How are we, as Christians, to work in the workplace? By obeying our masters/employers! How do we do so? As with a wife's submission unto her husband, we do it unto our Lord! Not to please man! But to please our Lord! With a heart of sincerity, fearing God (i.e., with all your heart; holding God and His will in high regard with pure motives).

This is a tough calling! For there is no distinction between pleasant or unpleasant duties. No exceptions for mundane, trivial, menial tasks. Instead, everything must be done energetically from the heart (i.e., putting our whole inner man into our work efforts)! Whether the boss is in the office or not!

Why should servants/employees "obey their masters/employers, not with eyeservice, but with a heart fearing God?" Because, "knowing that from the Lord you will receive the reward of the inheritance; for you serve the Lord Christ. 25 But he who does wrong will be repaid for what he has done, and there is no partiality."

In other words, because our work efforts will be judged by our Lord, and without partiality! You will have reward for your faithfulness. Or, you will be repaid for your wrong. While under the ultimate forgiveness of our Lord, we will have our works, including our work, judged.

Hughes- "Some of us work "nothing" jobs. Some shuffle meaningless mounds of paper. Some dig holes and fill them up. Some can see nothing in the tasks they perform. They are nevertheless serving God as they work. This truth transformed the lot of the Christian slave in the ancient world. His "nothing" tasks were actually noble when done for Christ... The pagan slave served his master because he was bound by fear; the Christian slave served his master better because he feared God. Working hard at our tasks from the heart brings glory to God."

A Few Notes Here

1) Do not assume that if you try to live up to this command, that all will go well on the job;

2) This is not a call to overwork or workaholism;

3) Christians ought to be the best workers. Many times, we are not! Don't stand around talking God/Scripture/Doctrine/Theology during work hours! Evangelize on your own time.

4) Christians ought to be the best in attitude, the best in dependability, and the best in integrity. All of us who are employed must be faithful, hard workers or we are sinning;

5) We must realize that there is intrinsic nobility in work offered to God. (Hughes).

All said, employers ought to be begging to fill job vacancies with Christians because of our work ethic!

B. Paul's Command to Master/Employers

"Masters, give your bondservants what is just and fair, knowing that you also have a Master in heaven."

We see the same theme, just inverted. Masters/employers, be faithful to your servants/employees. Why? Because you will be judged by your Master in Heaven!

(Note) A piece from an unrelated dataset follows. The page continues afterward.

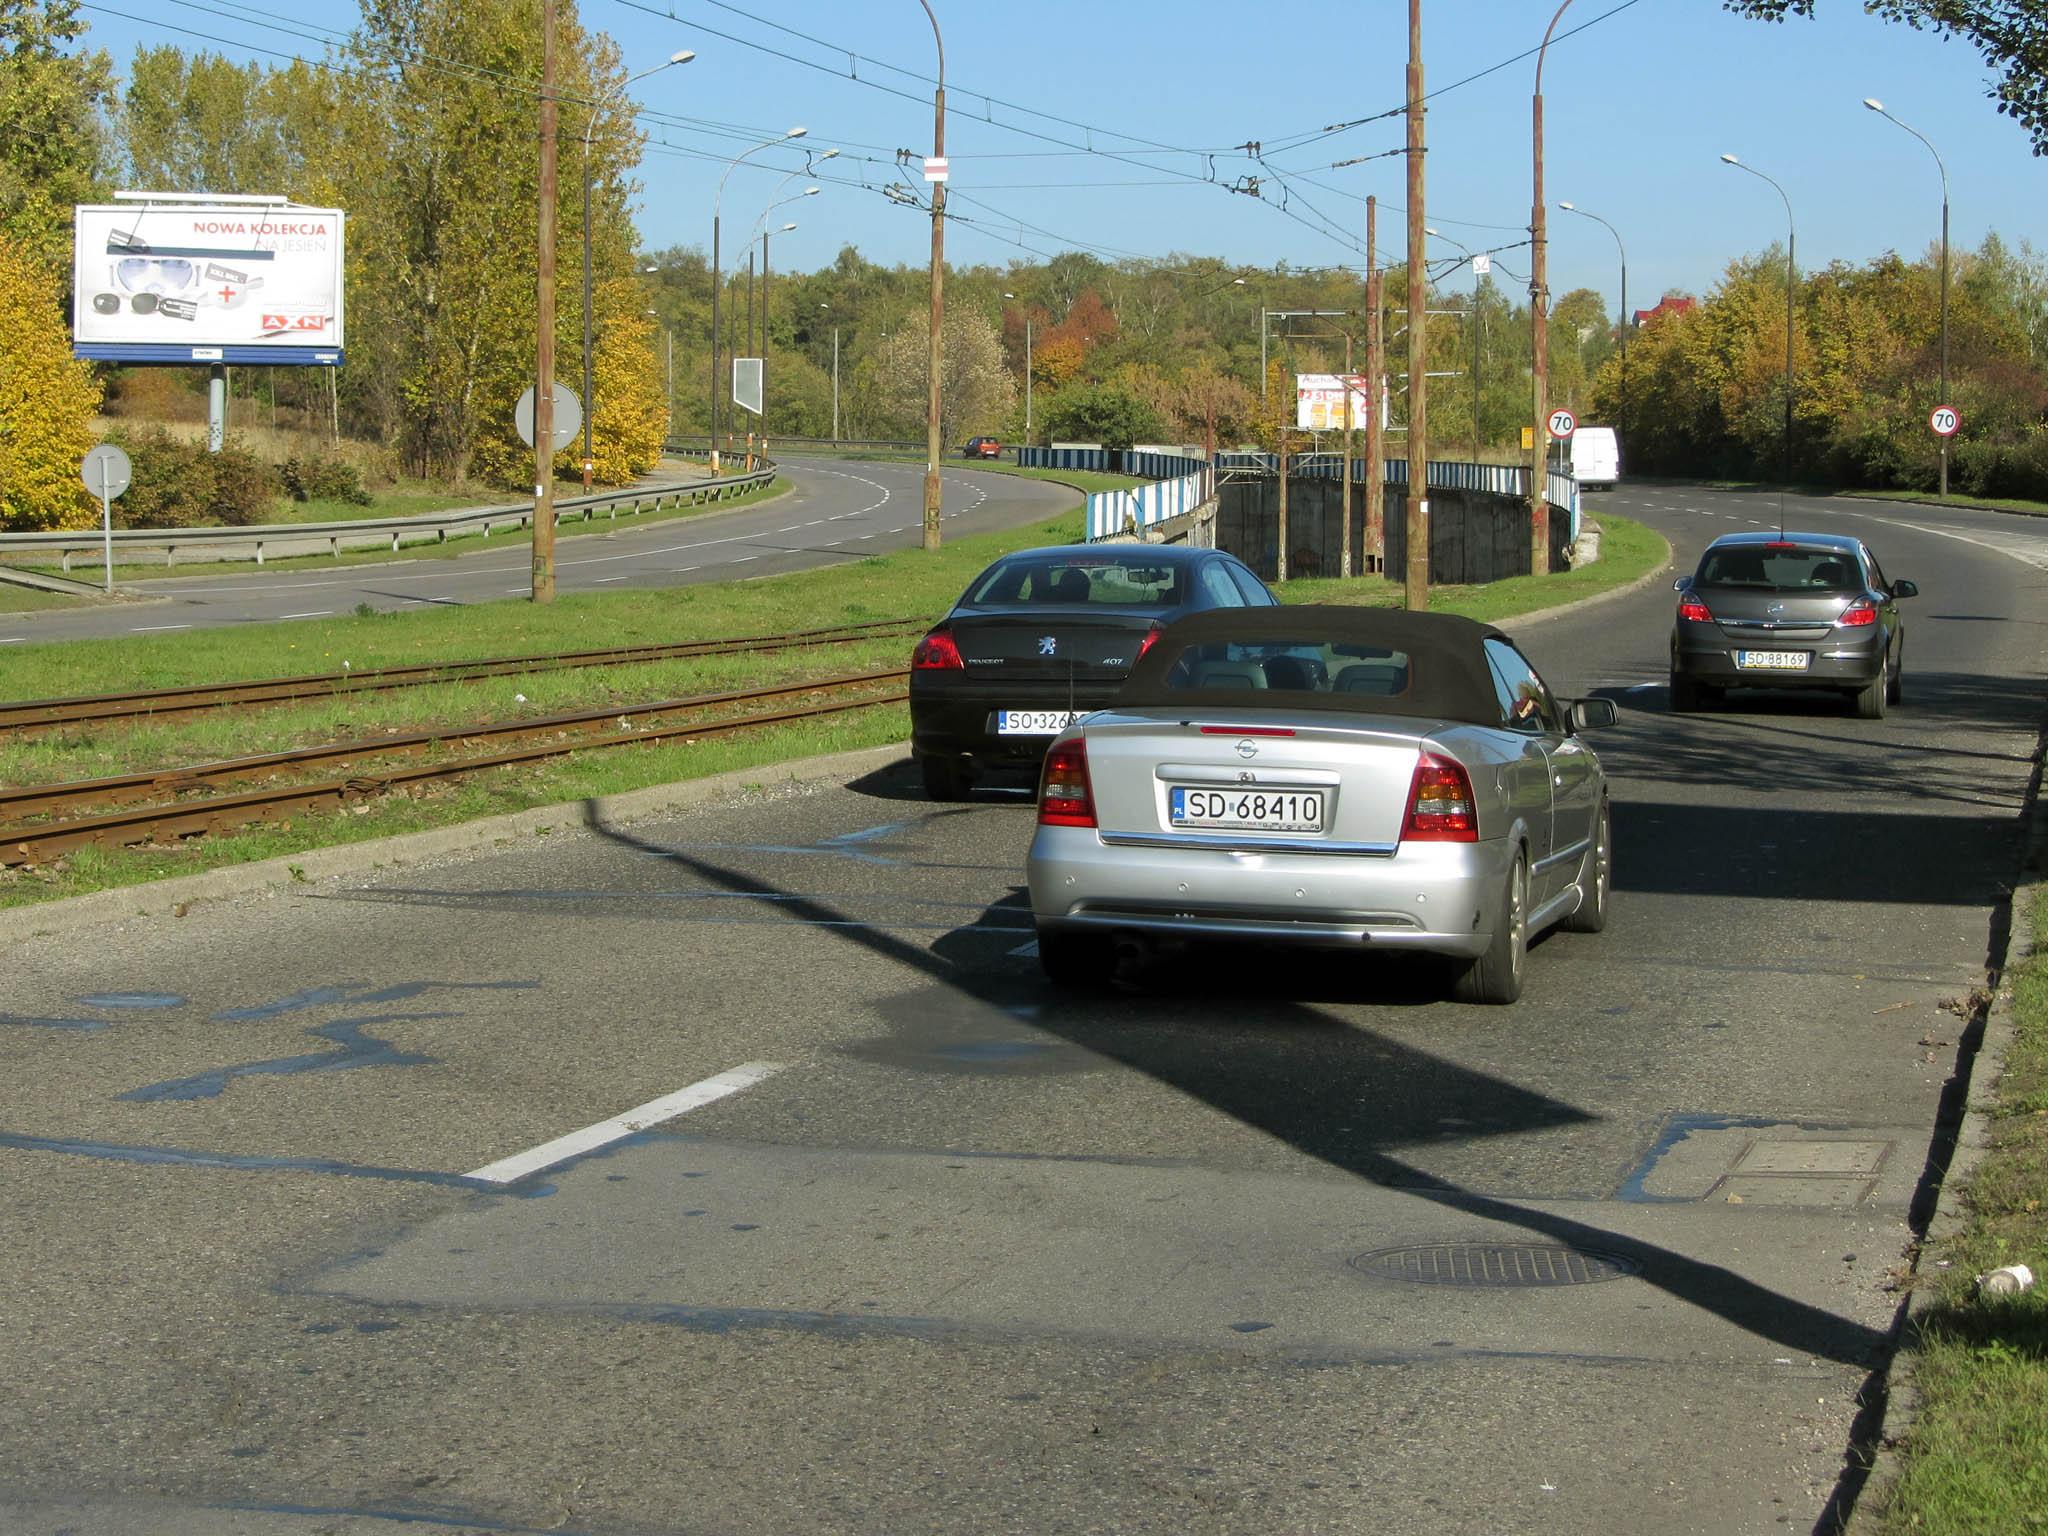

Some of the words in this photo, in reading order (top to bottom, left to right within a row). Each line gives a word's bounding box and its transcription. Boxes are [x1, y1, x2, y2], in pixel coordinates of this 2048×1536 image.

Hughes- "Employers, if you truly realize that you must answer to God for the way you conduct yourself with your employees, you will care about what happens to them. You will be concerned that they are paid properly. You will be concerned about their illnesses, their spouses, their children, and their education. Along with this, you may have more problems. In fact, this kind of caring attitude assures that you will. But you will also have the fullness of Christ."

Application

" Employers and employees, are you glorifying your Lord in the workplace?

Conclusion

The all-encompassing application is simple: Are you exemplifying, exalting and magnifying your Lord Jesus Christ in all of your relationships?

We will never live up to these standards!! We cannot live up to God's perfect, holy, standards! So..thank God for his infinite mercy, grace and unconditional love for us despite all our weakness, sinful deficiencies and blatant wrongdoing!!